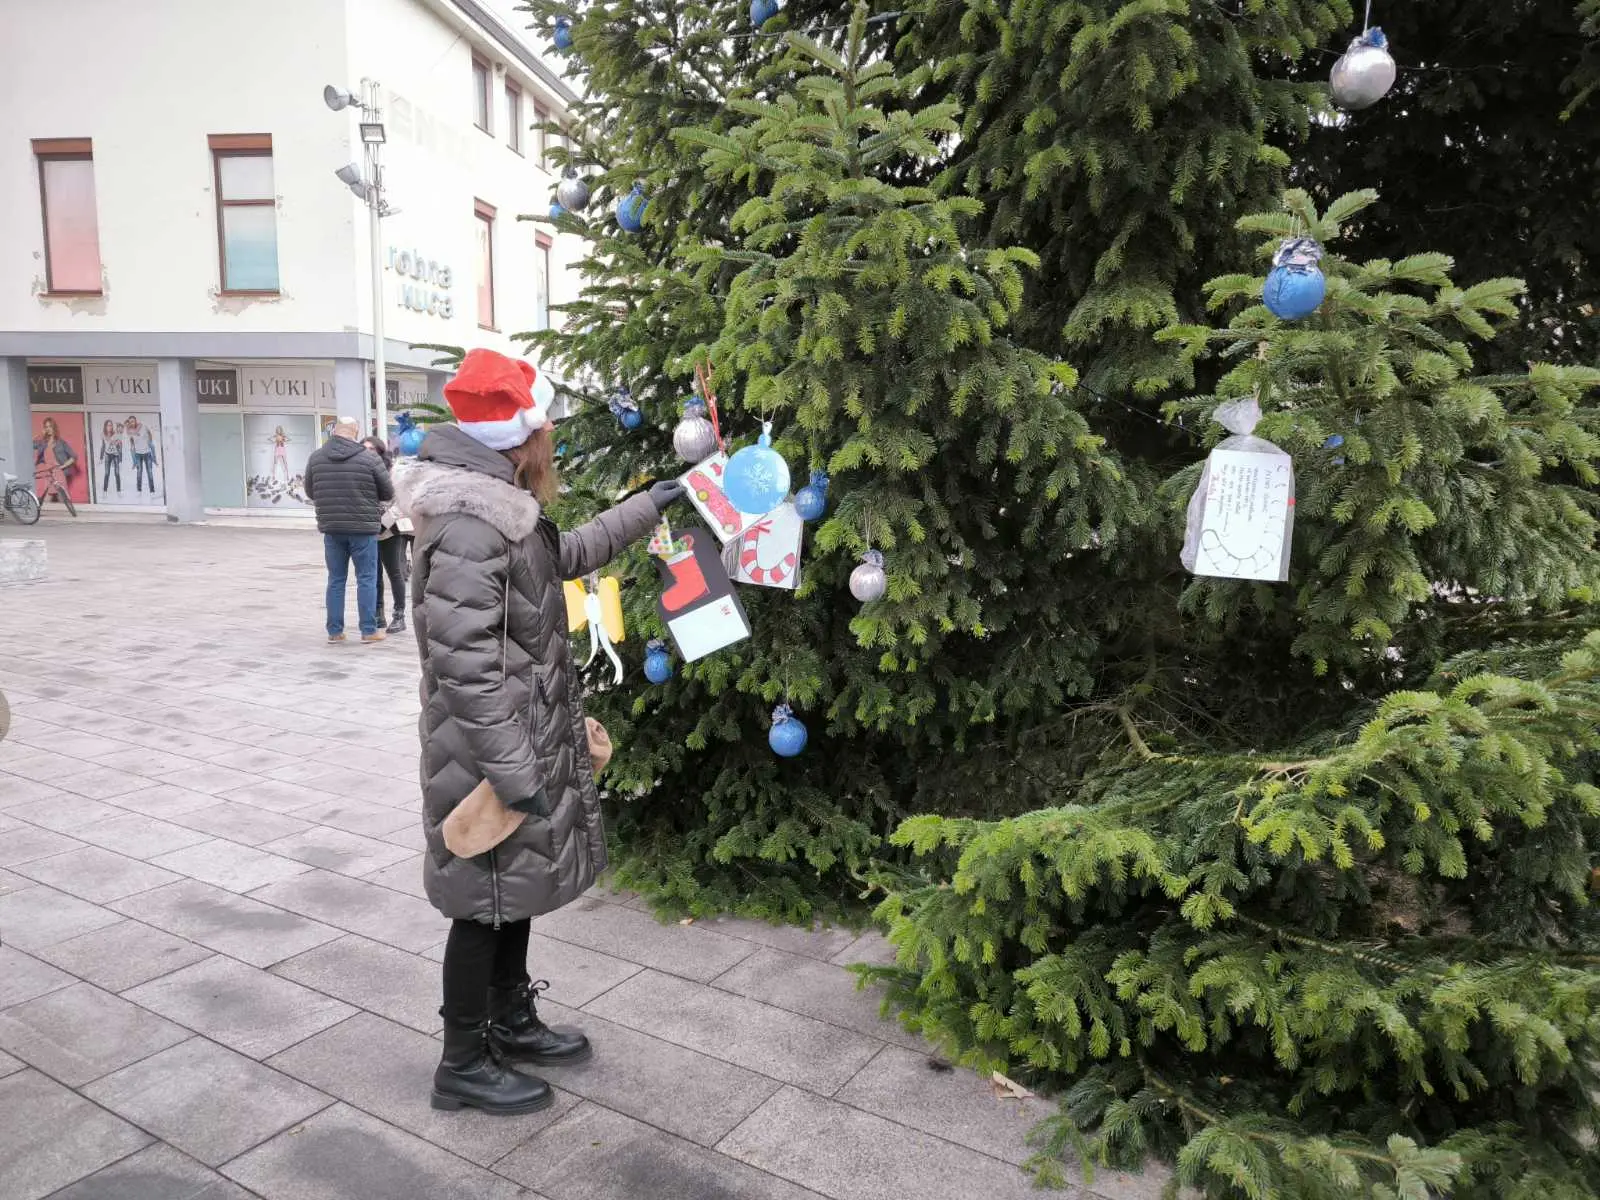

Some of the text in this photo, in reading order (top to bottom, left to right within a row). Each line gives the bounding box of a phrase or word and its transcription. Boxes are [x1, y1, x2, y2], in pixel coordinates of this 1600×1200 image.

[30, 375, 76, 394] YUKI
[106, 375, 152, 394] YUKI
[198, 378, 231, 396] UKI
[260, 376, 308, 396] YUKI
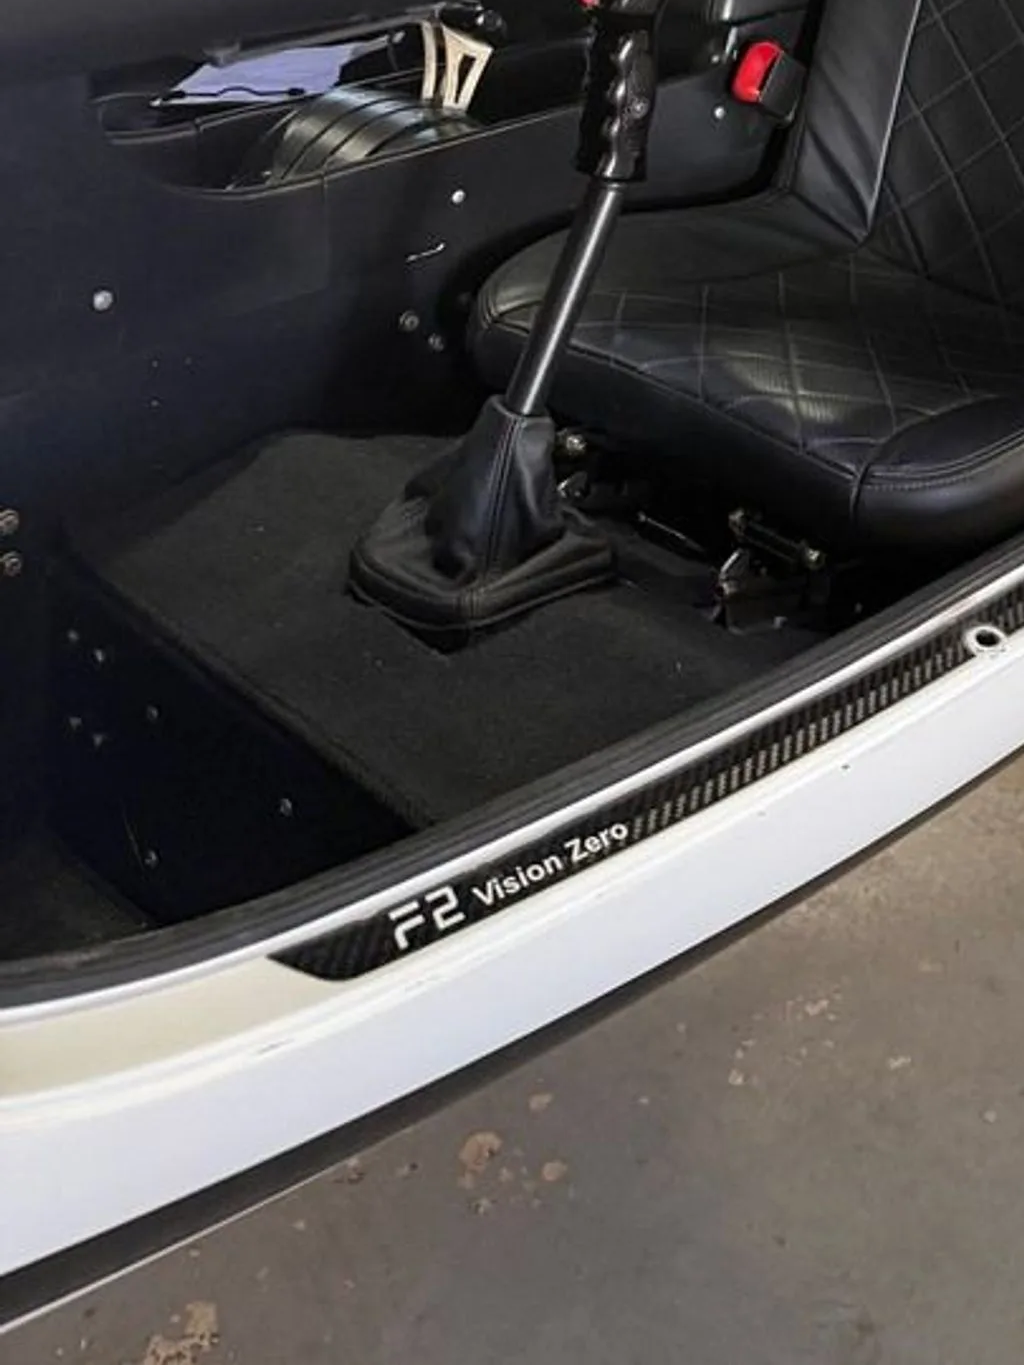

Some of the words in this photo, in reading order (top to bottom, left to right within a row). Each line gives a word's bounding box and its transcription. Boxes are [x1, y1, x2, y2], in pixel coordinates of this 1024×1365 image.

◆ What you are asked to do
Return an exact copy of the data above, apart from any pictures.

◆ Response to the task
Some of the text in this photo, in reading order (top to bottom, left to right within a row). Each line gives the bounding box of a phrase or word and its transcription. Boxes are [x1, y1, x2, y2], in pixel coordinates of this 1600×1200 image.

[30, 375, 76, 394] YUKI
[106, 375, 152, 394] YUKI
[198, 378, 231, 396] UKI
[260, 376, 308, 396] YUKI

Some of the words in this photo, in reading order (top to bottom, left to right within a row). Each line gives a word's bounding box and its transcription. Boxes are [x1, y1, x2, y2], in pixel coordinates of this 1024×1365 image.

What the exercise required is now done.